Large-scale surveys measure more than academic achievement – they can also tell us how Australian students feel about school. A new ACER report shows many students feel they 'don't belong' in school.
6 June 2018: More Australian students than their OECD peers feel like outsiders at school, according to a report released today by the Australian Council for Educational Research (ACER).
ACER Deputy CEO (Research) Dr Sue Thomson said, “Australian students feel a lower sense of belonging than their peers in the 35 OECD countries, and the overall sense of belonging has declined significantly since our first PISA results in 2003.”
Students who are Indigenous, female, Australian-born, in the lowest socioeconomic status (SES) quartile or living in provincial and remote areas felt the least sense of belonging in school.
First-generation and foreign-born migrants, and students who are male, metro-based or belong to the highest SES quartile reported the greatest sense of belonging.
Students in Victoria, New South Wales and Tasmania scored highest and achieved similarly on the sense of belonging index, while the cohorts in the Australian Capital Territory and Northern Territory scored lowest.

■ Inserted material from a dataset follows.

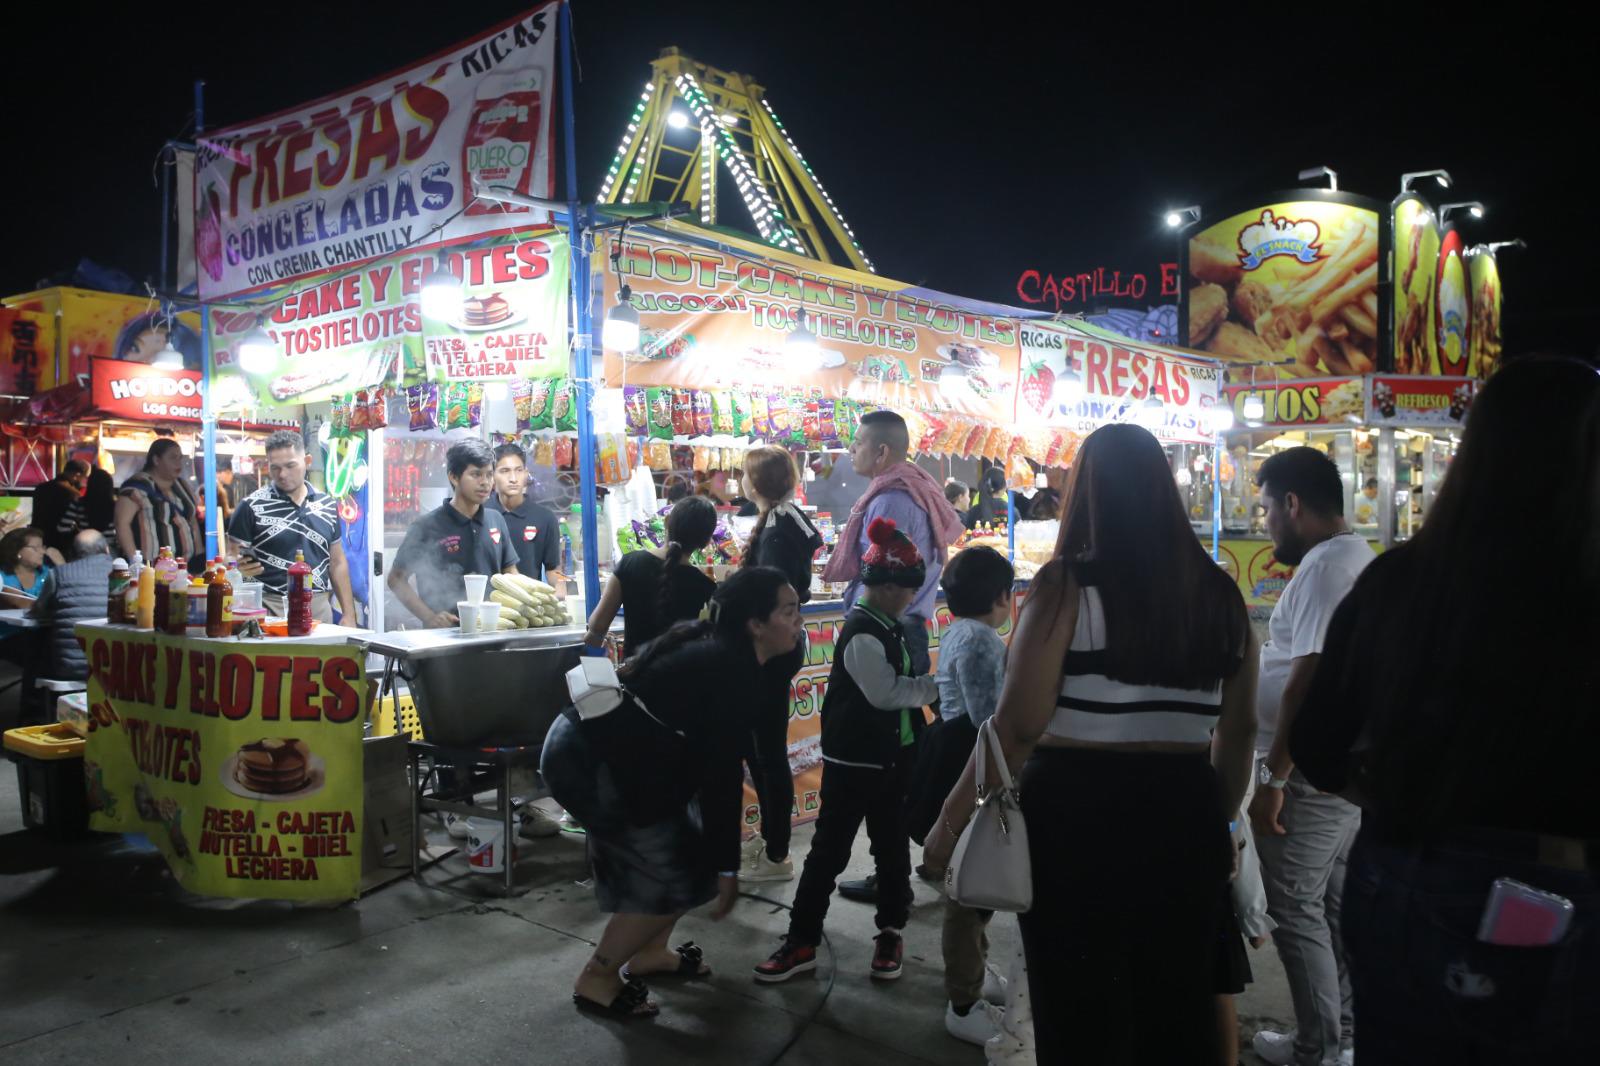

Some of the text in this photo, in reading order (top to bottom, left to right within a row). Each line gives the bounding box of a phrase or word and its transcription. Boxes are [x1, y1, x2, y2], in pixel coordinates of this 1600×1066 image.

All scored beneath the OECD average.
“Research shows that a sense of belonging is an important schooling outcome,” Dr Thomson said. “For some students it really makes a difference to their educational success and long-term health and wellbeing.”
“Although these results don’t tell us why some students have a lower sense of belonging, they do highlight where the social issues are – among students who are Indigenous, female, Australian-born, from low SES backgrounds and country areas. Schools could focus on these students and consider how to support those who may be at risk of becoming disengaged.”
While Australian students generally felt lower levels of belonging at school than students in the OECD, they did report feeling that other students liked them at much higher levels than the OECD average of 82 per cent.
Student responses to six statements about how they feel about school were combined to construct a sense of belonging index that allows for comparison not just with OECD counterparts but also with peers in different states and territories and socioeconomic groups, and between genders. The responses from Australian 15-year-olds surveyed were:
I feel like an outsider (or left out of things) at school (77 per cent disagree)
I make friends easily at school (79 per cent agree)
I feel like I belong at school (72 per cent agree)
I feel awkward and out of place in my school (78 per cent disagree)
Other students seem to like me (88 per cent agree)
I feel lonely at school (84 per cent disagree).
The table below shows student responses by State and Territory.
The Organisation for Economic Co-operation and Development’s Programme for International Student Assessment (PISA) is a large-scale three-yearly study of more than half a million 15-year-olds in 72 countries, including 14 500 students in 750 Australian schools. It measures reading, science and maths literacy to determine how well prepared students are for the challenges of adult life. The report released today takes a more detailed look at the non-cognitive results from the most recent study in 2015 and asks how Australian 15-year-olds feel about school and their place in it.